Methods: Five hundred seventy-five patients (GEMS 289; HEMS 286) were identified from trauma registries and HEMS transport records. Demographic data, hospital interventions, and discharge status were examined.
Results: HEMS patients had a significantly lower Glasgow coma score (GCS) and trauma score (TS), longer intensive care unit (ICU) length of stay (LOS), and more deaths than did GEMS patients (P < 0.05). Despite this, significantly more HEMS patients were discharged home from the emergency department (24.5% vs. 4.8%; P < 0.001). HEMS patients had more isolated head/facial injuries and multiple injuries, with less isolated extremity injuries than did GEMS patients (P < 0.05). Regardless of transport mode, patients with multiple injuries, thoracoabdominal injuries, or head injuries with a GCS ≤ 13 were more likely to require immediate interventions (intubation, chest tube, blood products). Patients with isolated extremity injuries rarely needed immediate care.

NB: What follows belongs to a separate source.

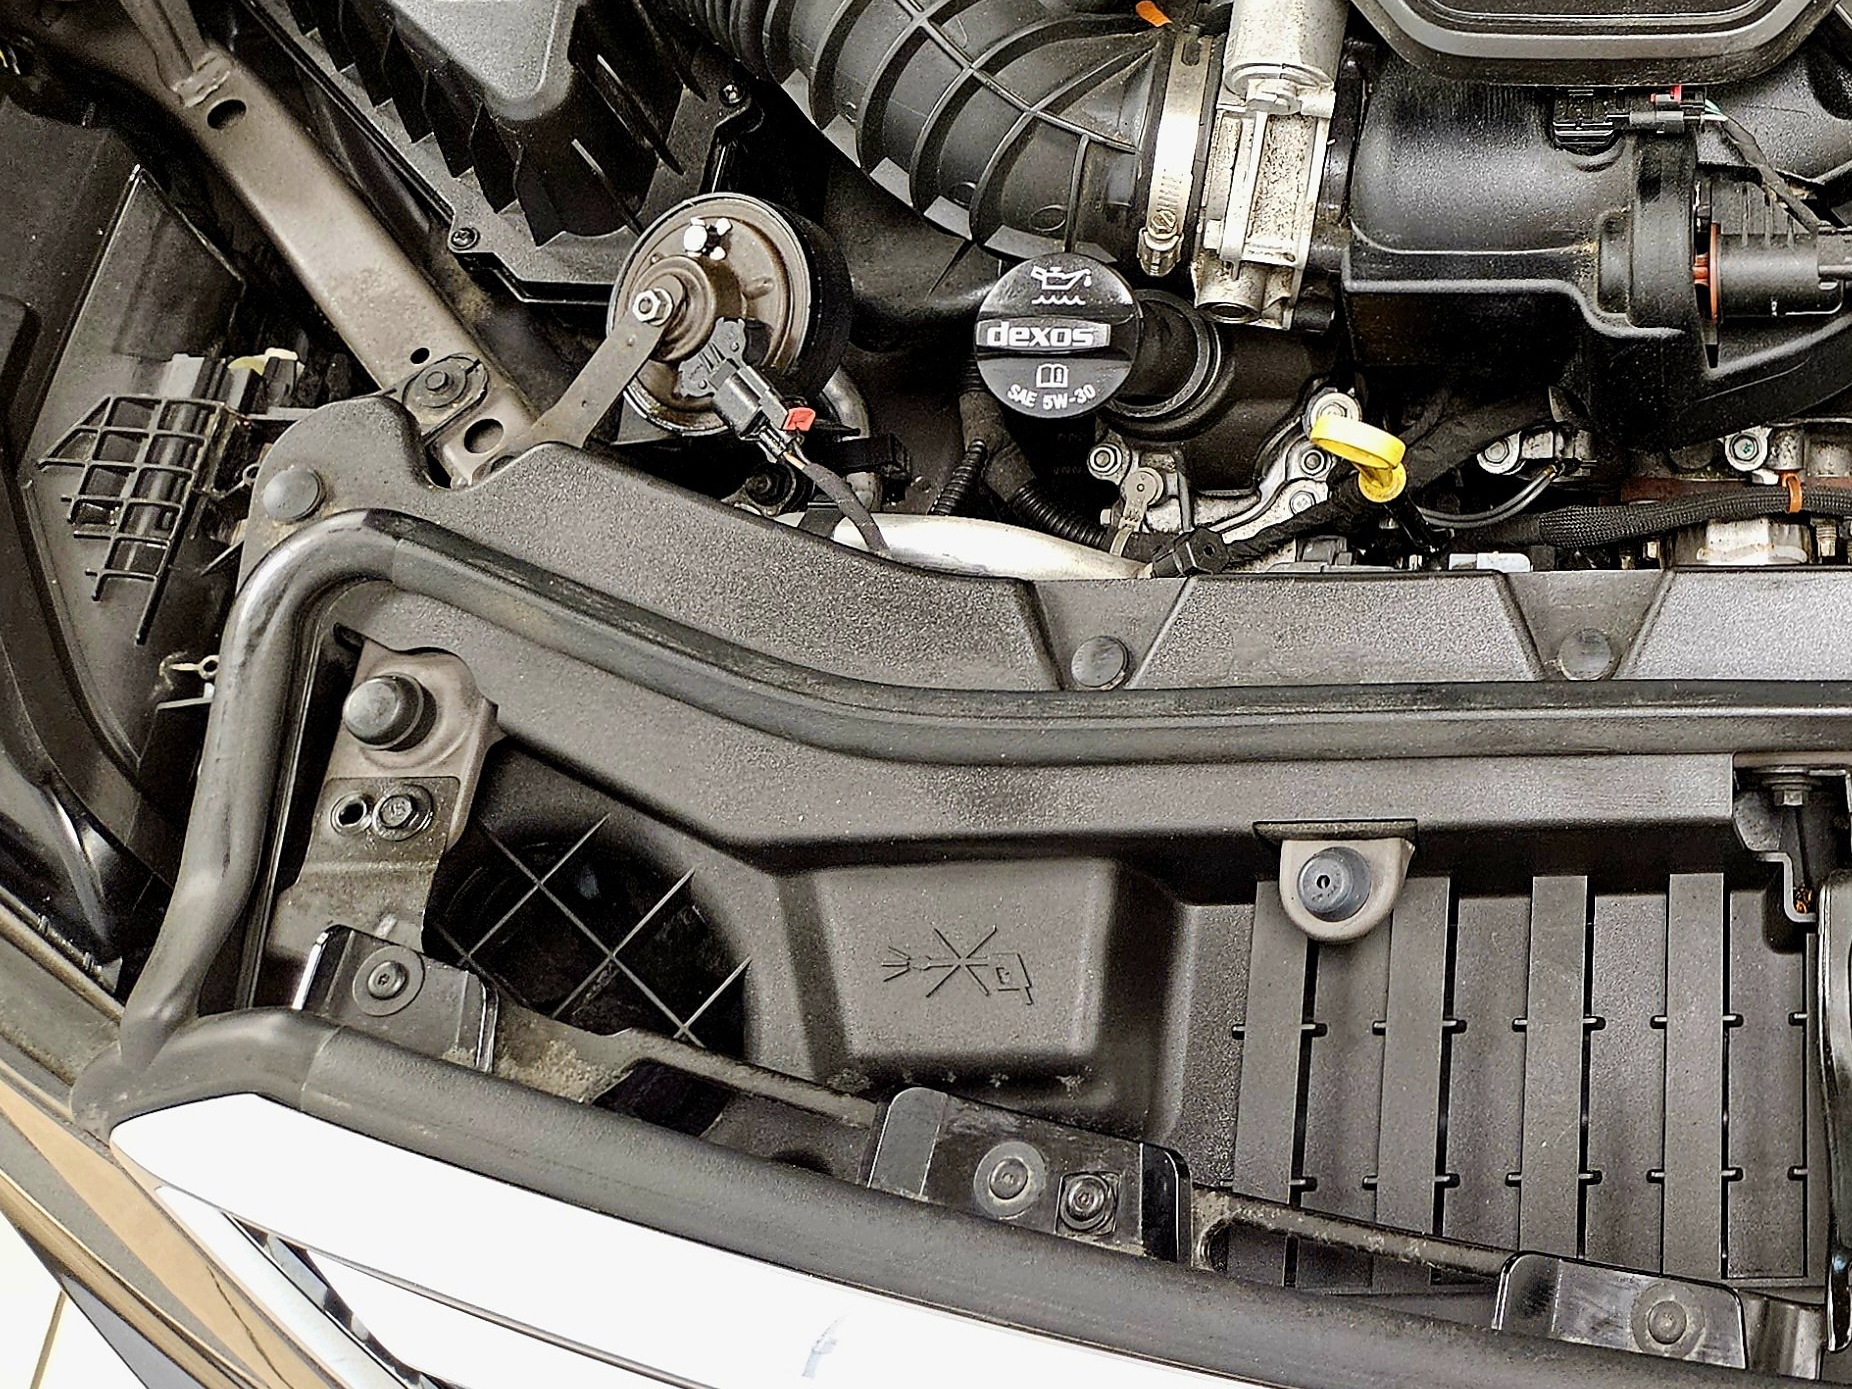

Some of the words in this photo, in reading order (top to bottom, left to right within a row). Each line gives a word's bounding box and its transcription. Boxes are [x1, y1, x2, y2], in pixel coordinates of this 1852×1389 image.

Conclusion: HEMS patients had a higher acuity and different injury pattern when compared to GEMS patients. Approximately 24.5% of HEMS patients were discharged home from the ED. This reflects significant overtriage of patients to HEMS. A prospective study examining the initial triage of patients injured at winter resorts would help to determine which subset of patients are best served by HEMS transport.